TASK INSTRUCTIONS: Each line from the one that has "this 1568×2352 image." through the end of the entries below must be written out exactly; leave out all other lines.
——————————
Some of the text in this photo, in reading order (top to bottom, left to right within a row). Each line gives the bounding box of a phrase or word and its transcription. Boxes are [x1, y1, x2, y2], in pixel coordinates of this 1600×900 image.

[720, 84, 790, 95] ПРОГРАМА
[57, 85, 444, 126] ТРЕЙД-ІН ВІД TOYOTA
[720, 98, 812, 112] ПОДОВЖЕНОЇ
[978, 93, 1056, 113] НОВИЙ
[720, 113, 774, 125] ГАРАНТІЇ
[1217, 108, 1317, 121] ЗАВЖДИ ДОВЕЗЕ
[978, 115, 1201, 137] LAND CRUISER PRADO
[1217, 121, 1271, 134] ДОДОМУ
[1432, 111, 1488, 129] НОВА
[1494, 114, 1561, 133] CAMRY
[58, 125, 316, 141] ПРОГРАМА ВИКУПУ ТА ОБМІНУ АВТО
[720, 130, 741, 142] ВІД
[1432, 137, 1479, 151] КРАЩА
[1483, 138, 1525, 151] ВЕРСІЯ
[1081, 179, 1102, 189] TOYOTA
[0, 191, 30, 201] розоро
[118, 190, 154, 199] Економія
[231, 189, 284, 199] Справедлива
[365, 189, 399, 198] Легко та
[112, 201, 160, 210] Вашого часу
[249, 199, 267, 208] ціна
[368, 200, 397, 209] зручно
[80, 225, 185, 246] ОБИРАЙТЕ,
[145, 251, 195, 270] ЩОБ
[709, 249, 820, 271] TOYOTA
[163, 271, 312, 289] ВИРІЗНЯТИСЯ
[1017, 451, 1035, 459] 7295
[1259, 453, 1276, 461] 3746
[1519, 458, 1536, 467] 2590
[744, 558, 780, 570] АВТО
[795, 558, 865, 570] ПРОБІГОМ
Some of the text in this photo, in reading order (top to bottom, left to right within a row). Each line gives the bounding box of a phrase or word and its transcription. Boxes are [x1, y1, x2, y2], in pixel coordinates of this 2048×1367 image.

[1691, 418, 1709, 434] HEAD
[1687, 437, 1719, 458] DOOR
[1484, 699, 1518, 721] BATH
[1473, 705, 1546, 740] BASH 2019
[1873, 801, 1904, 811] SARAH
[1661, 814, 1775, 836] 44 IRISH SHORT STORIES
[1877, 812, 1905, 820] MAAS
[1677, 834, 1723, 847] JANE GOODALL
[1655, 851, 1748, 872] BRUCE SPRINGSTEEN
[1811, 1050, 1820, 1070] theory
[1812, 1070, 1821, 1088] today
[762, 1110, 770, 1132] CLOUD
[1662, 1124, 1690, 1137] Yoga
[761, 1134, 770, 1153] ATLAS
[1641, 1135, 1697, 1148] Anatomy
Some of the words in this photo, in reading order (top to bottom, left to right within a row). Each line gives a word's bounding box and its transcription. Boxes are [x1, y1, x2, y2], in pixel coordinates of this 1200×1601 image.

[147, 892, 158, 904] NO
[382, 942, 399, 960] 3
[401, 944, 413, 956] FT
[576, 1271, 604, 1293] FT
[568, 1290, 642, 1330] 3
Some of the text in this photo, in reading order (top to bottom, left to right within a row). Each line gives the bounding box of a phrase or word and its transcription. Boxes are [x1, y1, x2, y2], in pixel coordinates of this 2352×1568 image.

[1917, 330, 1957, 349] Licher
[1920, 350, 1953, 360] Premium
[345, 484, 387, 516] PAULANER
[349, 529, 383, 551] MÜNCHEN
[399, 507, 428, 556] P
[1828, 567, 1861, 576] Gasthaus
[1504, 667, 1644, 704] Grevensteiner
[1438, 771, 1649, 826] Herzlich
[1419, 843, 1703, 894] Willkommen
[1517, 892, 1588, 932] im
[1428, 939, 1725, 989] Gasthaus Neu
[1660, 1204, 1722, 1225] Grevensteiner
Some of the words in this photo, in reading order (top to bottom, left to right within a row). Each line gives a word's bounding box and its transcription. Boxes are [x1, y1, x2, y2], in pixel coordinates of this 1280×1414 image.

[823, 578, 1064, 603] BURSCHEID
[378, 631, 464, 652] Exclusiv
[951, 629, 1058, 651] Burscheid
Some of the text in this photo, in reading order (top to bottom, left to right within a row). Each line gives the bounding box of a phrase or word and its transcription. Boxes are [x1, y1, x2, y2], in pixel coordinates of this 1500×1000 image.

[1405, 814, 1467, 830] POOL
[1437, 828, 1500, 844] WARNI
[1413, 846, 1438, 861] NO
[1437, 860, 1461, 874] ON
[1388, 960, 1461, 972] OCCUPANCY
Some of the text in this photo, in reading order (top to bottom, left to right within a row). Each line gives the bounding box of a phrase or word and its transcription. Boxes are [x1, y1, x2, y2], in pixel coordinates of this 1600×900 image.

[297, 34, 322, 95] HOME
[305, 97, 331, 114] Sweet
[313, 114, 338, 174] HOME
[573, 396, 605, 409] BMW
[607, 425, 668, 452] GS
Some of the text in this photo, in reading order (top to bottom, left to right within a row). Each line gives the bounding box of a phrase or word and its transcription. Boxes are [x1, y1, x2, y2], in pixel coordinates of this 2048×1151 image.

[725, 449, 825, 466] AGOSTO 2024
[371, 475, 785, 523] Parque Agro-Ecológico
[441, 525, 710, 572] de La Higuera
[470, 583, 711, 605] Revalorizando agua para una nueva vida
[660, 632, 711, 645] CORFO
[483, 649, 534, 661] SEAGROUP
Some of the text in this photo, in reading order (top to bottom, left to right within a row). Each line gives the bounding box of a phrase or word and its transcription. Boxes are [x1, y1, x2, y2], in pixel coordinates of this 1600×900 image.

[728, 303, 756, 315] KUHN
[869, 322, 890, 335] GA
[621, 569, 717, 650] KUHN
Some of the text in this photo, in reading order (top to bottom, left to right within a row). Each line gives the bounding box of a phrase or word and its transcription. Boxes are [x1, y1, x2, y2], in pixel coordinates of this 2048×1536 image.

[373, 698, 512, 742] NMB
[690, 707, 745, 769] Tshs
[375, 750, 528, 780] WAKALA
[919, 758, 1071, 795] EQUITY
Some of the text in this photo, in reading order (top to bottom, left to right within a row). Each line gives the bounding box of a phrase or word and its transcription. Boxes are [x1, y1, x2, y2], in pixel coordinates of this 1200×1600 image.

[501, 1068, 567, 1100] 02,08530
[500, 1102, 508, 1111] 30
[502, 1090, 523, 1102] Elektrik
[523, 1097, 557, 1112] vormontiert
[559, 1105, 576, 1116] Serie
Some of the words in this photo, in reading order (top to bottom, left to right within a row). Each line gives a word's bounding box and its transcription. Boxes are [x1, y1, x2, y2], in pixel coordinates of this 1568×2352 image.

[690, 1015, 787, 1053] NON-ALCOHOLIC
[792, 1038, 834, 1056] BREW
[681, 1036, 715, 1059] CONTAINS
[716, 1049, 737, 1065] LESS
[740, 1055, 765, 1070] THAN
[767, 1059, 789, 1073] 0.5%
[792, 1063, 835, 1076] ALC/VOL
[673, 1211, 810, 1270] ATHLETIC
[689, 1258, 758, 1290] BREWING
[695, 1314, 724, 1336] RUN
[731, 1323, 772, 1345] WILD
——————————
RESULT OF THIS TASK:
Some of the words in this photo, in reading order (top to bottom, left to right within a row). Each line gives a word's bounding box and its transcription. Boxes are [x1, y1, x2, y2], in pixel coordinates of this 1568×2352 image.

[690, 1015, 787, 1053] NON-ALCOHOLIC
[792, 1038, 834, 1056] BREW
[681, 1036, 715, 1059] CONTAINS
[716, 1049, 737, 1065] LESS
[740, 1055, 765, 1070] THAN
[767, 1059, 789, 1073] 0.5%
[792, 1063, 835, 1076] ALC/VOL
[673, 1211, 810, 1270] ATHLETIC
[689, 1258, 758, 1290] BREWING
[695, 1314, 724, 1336] RUN
[731, 1323, 772, 1345] WILD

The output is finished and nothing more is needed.